Geology Picture of the Day – Cape St. Mary, Mars

2008 May 23
On Sunday, NASA’s Phoenix Mars Mission Lander is supposed to touch down near the north pole of Mars. The “robotic geologist” will dig through the Martian soil with a mechanical arm to reach potential ice/frost layers and retrieve samples for the experiments.

The lander includes a miniature oven, a mass spectrometer, a small “chemistry lab-in-a-box,” a meteorological station and various imagine systems such as an atomic force microscope.

In honor of this mission, I give you this geology picture of the day from NASA’s Mars Exploration Rovers mission.

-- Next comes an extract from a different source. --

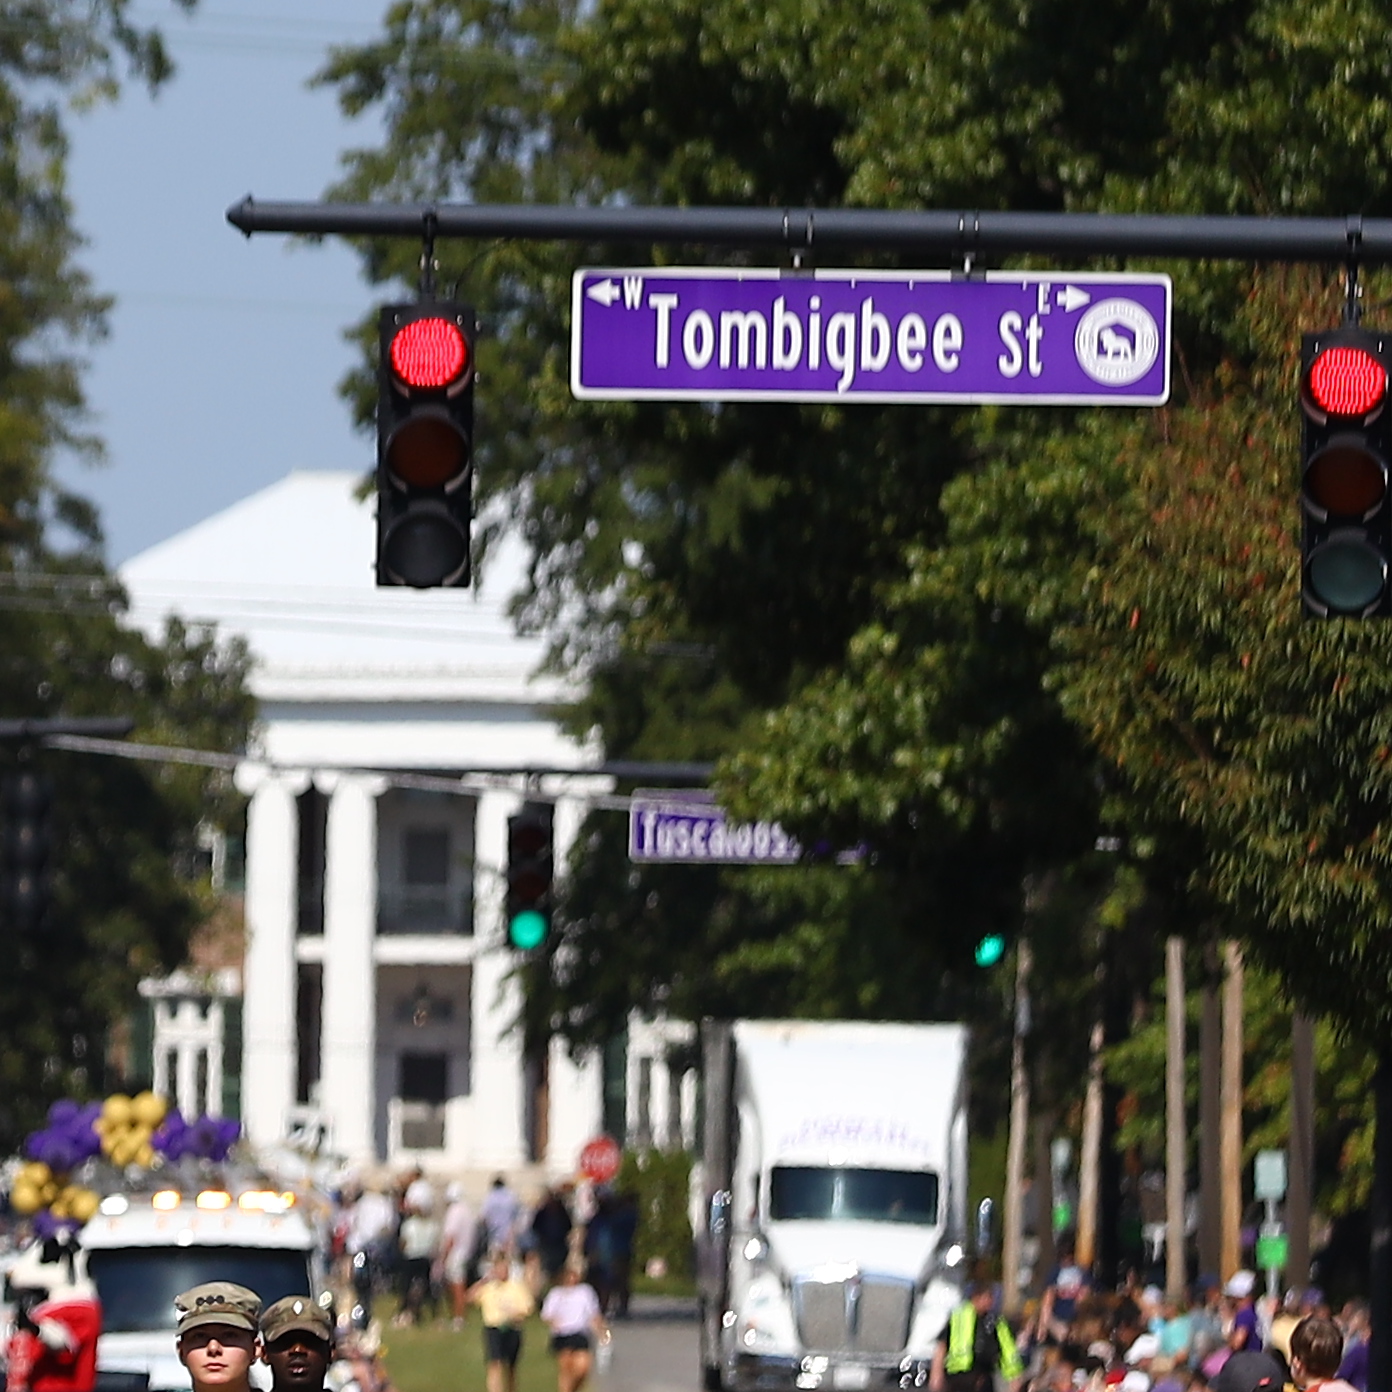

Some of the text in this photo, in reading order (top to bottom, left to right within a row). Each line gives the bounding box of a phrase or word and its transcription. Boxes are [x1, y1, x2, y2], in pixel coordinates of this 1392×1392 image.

Image Source: NASA’s Opportunity rover. Acquired June 23, 2007.

Another of the best examples of spectacular cross-bedding in Victoria crater are the outcrops at Cape St. Mary, which is an approximately 15 m (45 foot) high promontory located along the western rim of Victoria crater and near the beginning of the rover’s traverse around the rim. Like the Cape St. Vincent images, these Pancam super-resolution images have allowed scientists to discern that the rocks at Victoria Crater once represented a large dune field that migrated across this region.

This is a Mars Exploration Rover Opportunity Panoramic Camera image mosaic acquired on sol 1213 (June 23, 2007), and was constructed from a mathematical combination of 32 different blue filter (480 nm) images.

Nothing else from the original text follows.